## Task to carry out
For this exercise, copy the records below exactly and exclude every image.

BEGIN Exercise data

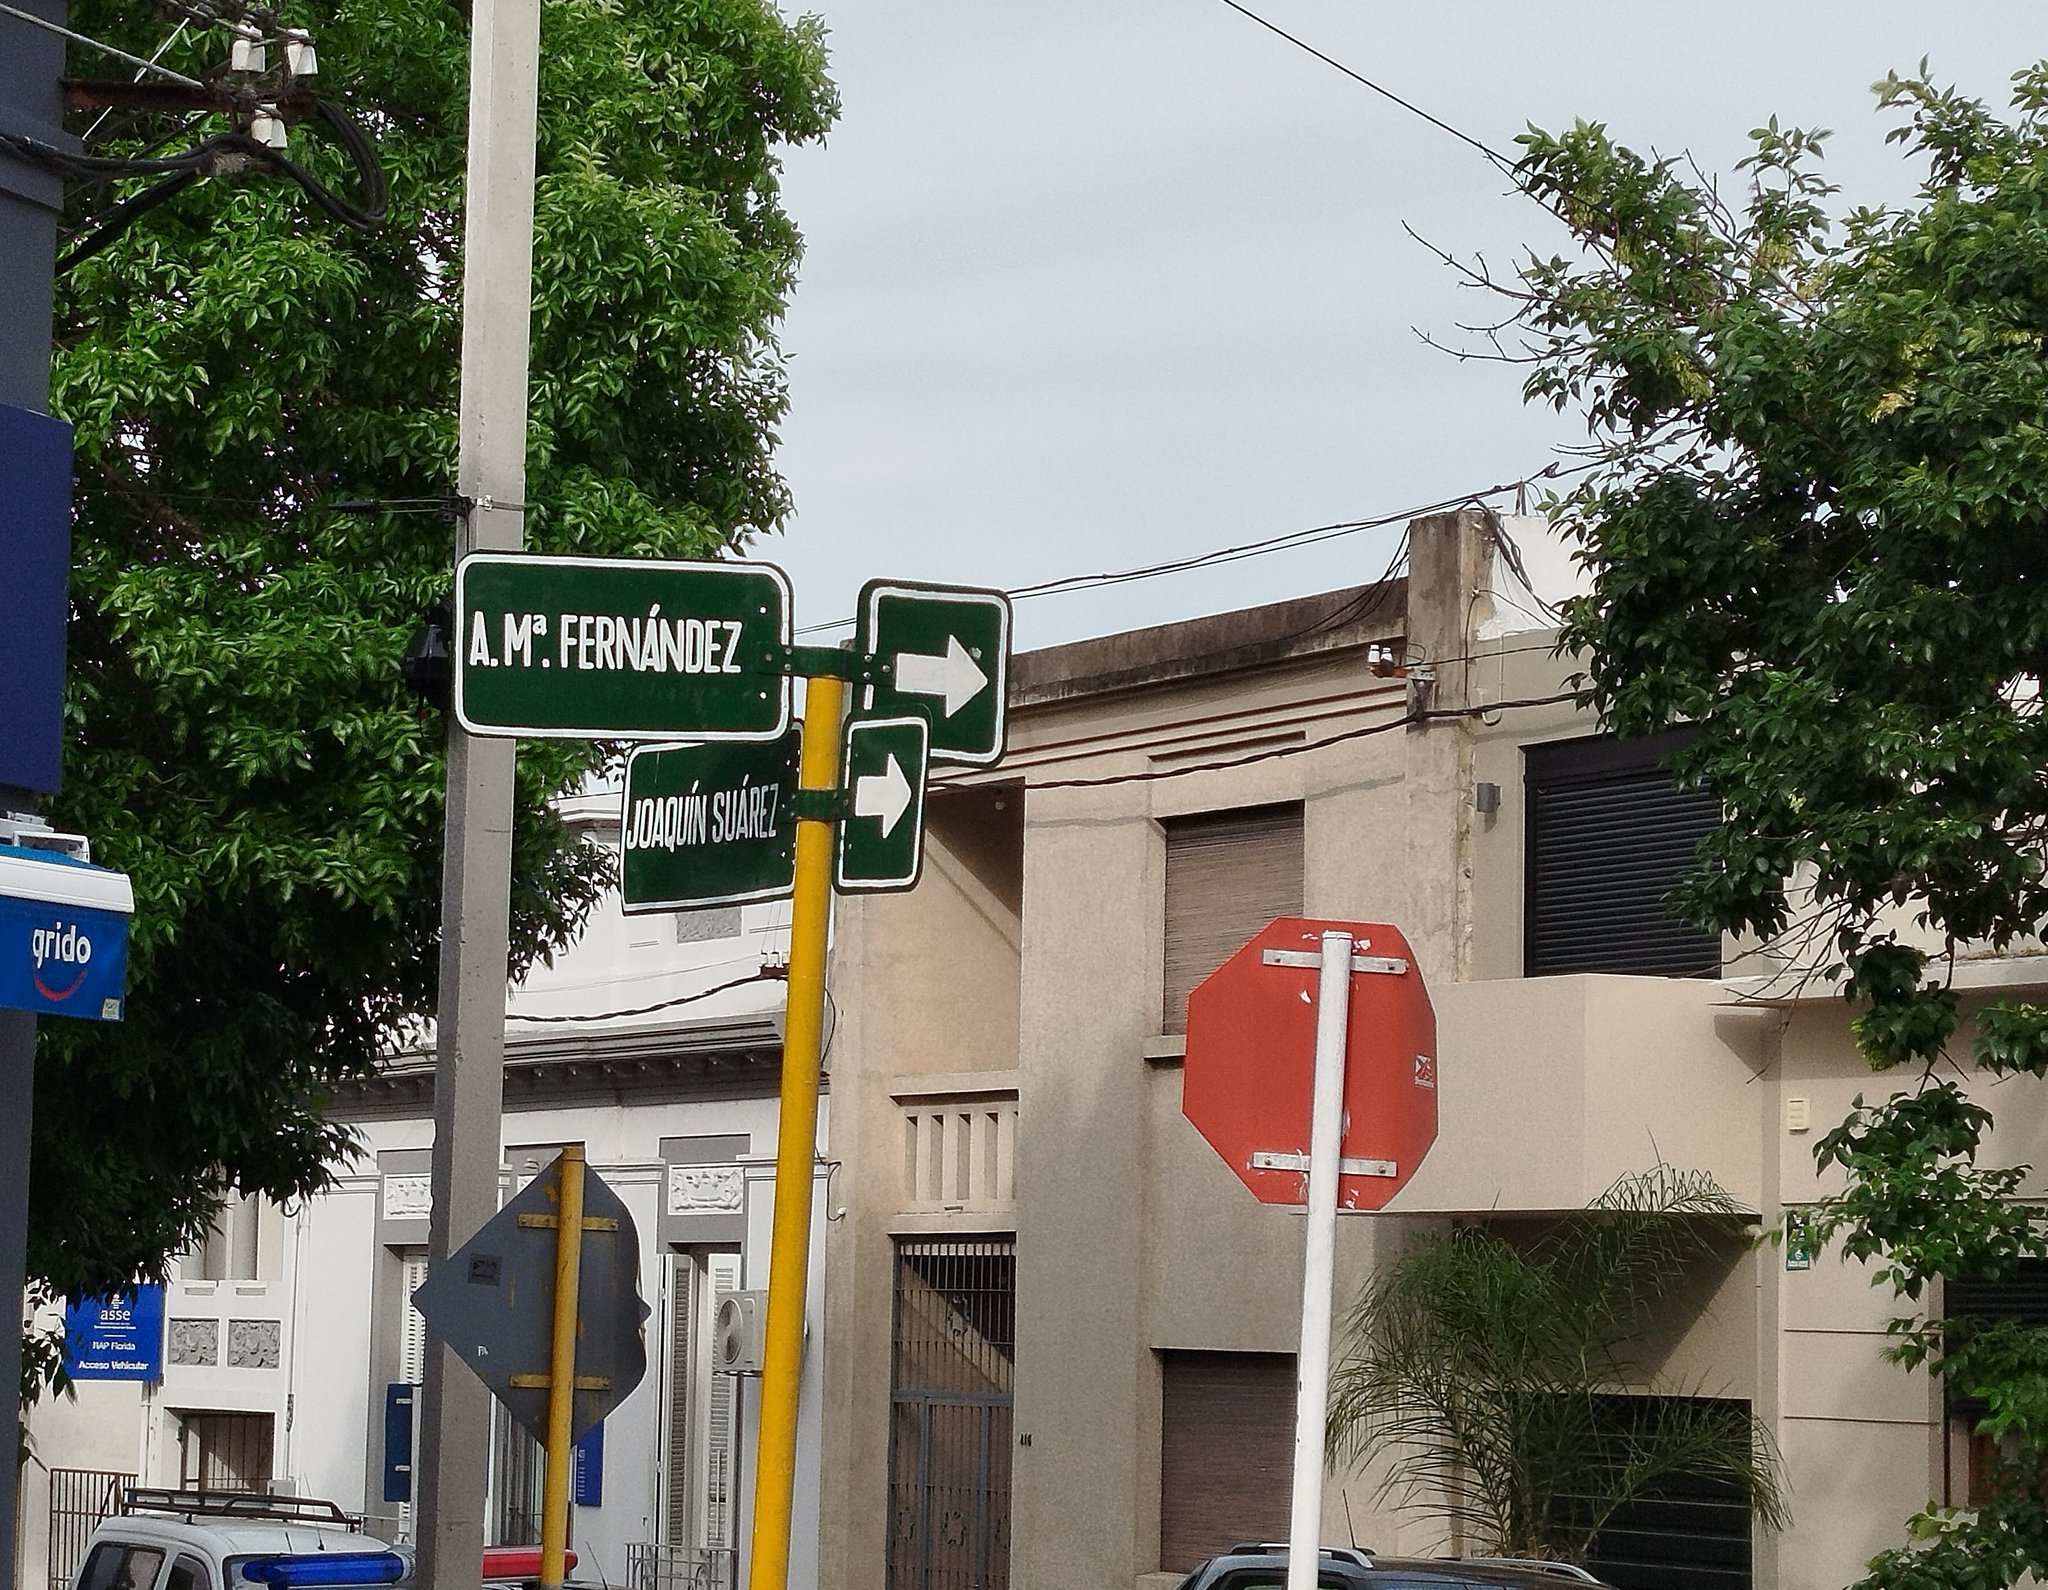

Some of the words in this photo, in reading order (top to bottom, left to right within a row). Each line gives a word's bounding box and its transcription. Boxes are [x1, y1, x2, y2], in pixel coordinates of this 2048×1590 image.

[560, 603, 743, 673] FERNÁNDEZ
[626, 779, 708, 853] JOAQUÍN
[711, 773, 779, 844] SUÁREZ
[32, 921, 92, 969] grido
[100, 1310, 131, 1321] asse
[78, 1360, 110, 1370] Acceso
[111, 1360, 149, 1370] Vehicular
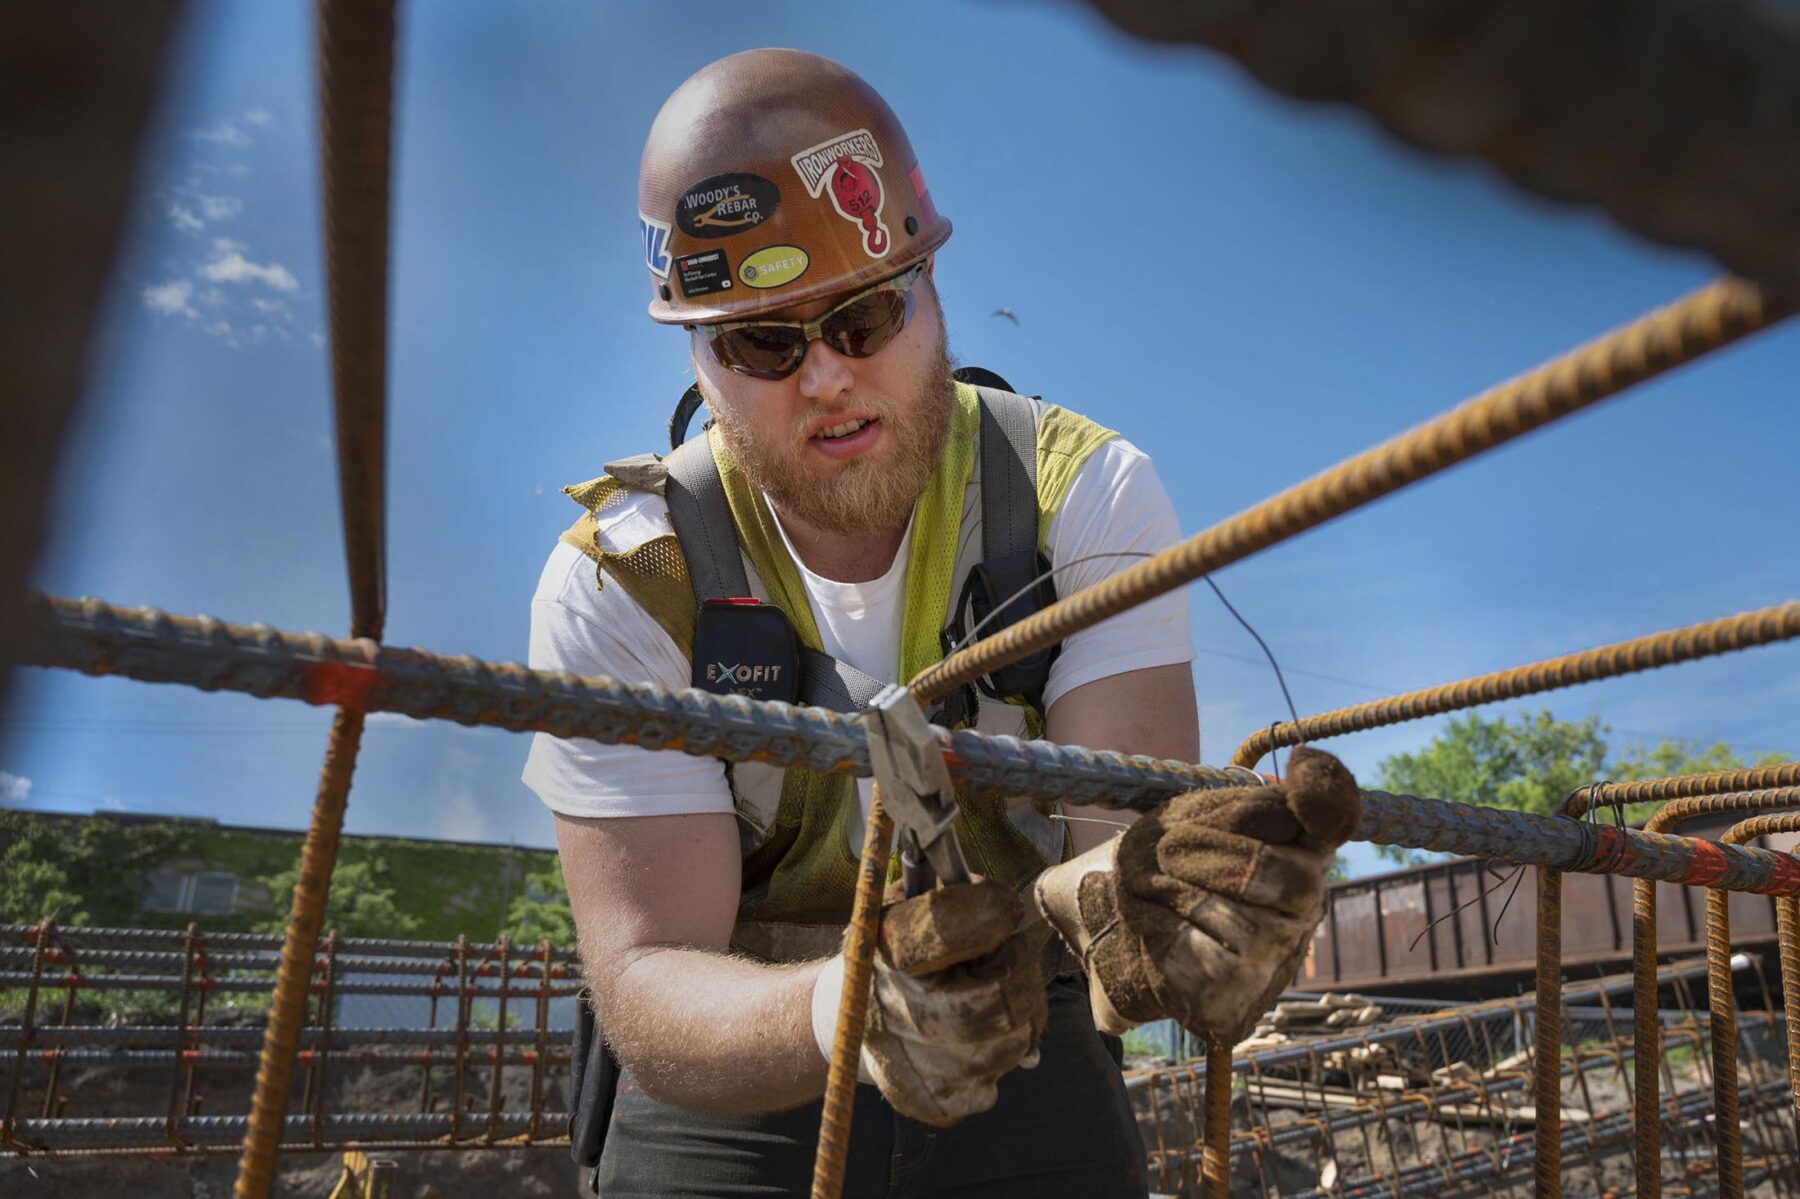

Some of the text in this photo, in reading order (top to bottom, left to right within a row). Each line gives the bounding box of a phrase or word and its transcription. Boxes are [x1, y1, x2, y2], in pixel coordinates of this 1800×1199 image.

[799, 134, 878, 187] IRONWORKERS
[686, 185, 740, 209] WOODY'S
[717, 198, 757, 216] REBAR
[848, 190, 873, 211] 512
[744, 211, 764, 223] CO.
[760, 255, 805, 276] SAFETY
[706, 662, 781, 684] EXOFIT
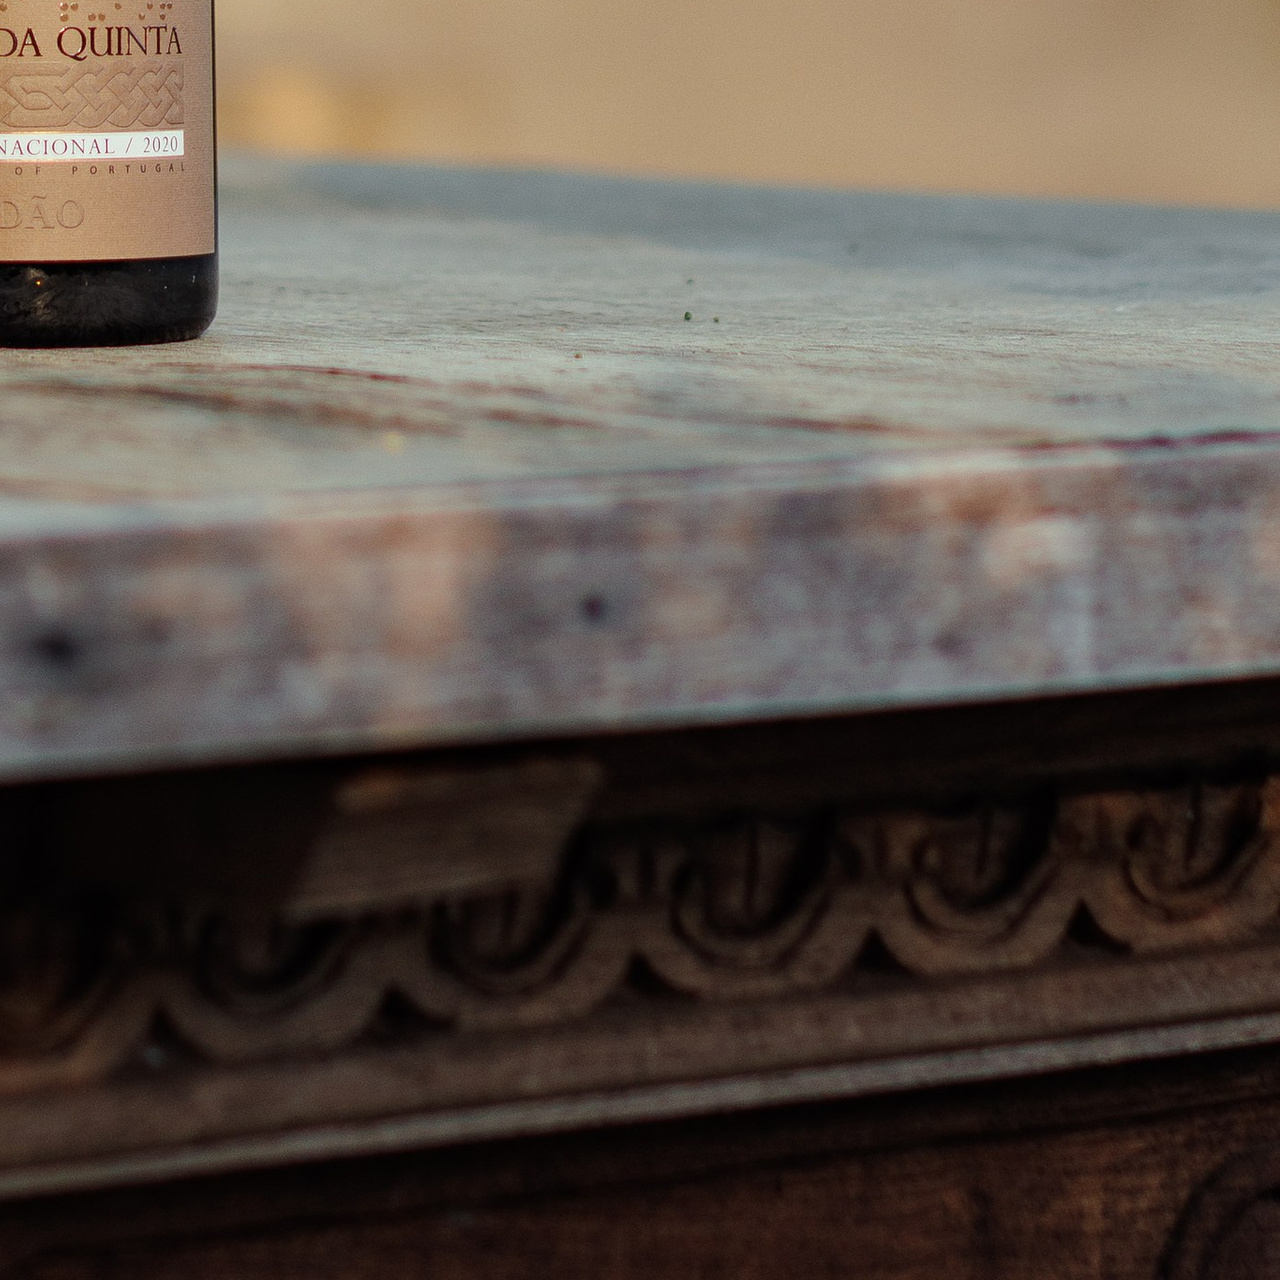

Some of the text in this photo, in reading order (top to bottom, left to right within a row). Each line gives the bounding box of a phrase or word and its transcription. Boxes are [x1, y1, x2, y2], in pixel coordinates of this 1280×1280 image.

END Exercise data

## Exercise result
Some of the words in this photo, in reading order (top to bottom, left to right within a row). Each line gives a word's bounding box and its transcription. Boxes are [x1, y1, x2, y2], in pixel coordinates of this 2048×1590 image.

[560, 603, 743, 673] FERNÁNDEZ
[626, 779, 708, 853] JOAQUÍN
[711, 773, 779, 844] SUÁREZ
[32, 921, 92, 969] grido
[100, 1310, 131, 1321] asse
[78, 1360, 110, 1370] Acceso
[111, 1360, 149, 1370] Vehicular

Some of the text in this photo, in reading order (top to bottom, left to right within a row). Each line gives the bounding box of a phrase or word and its transcription. Boxes are [x1, y1, x2, y2], in pixel coordinates of this 1800×1199 image.

[799, 134, 878, 187] IRONWORKERS
[686, 185, 740, 209] WOODY'S
[717, 198, 757, 216] REBAR
[848, 190, 873, 211] 512
[744, 211, 764, 223] CO.
[760, 255, 805, 276] SAFETY
[706, 662, 781, 684] EXOFIT

Some of the text in this photo, in reading order (top to bottom, left to right within a row). Each line gives the bounding box of a phrase or word and its transcription. Boxes are [x1, y1, x2, y2], in pixel coordinates of this 1280×1280 image.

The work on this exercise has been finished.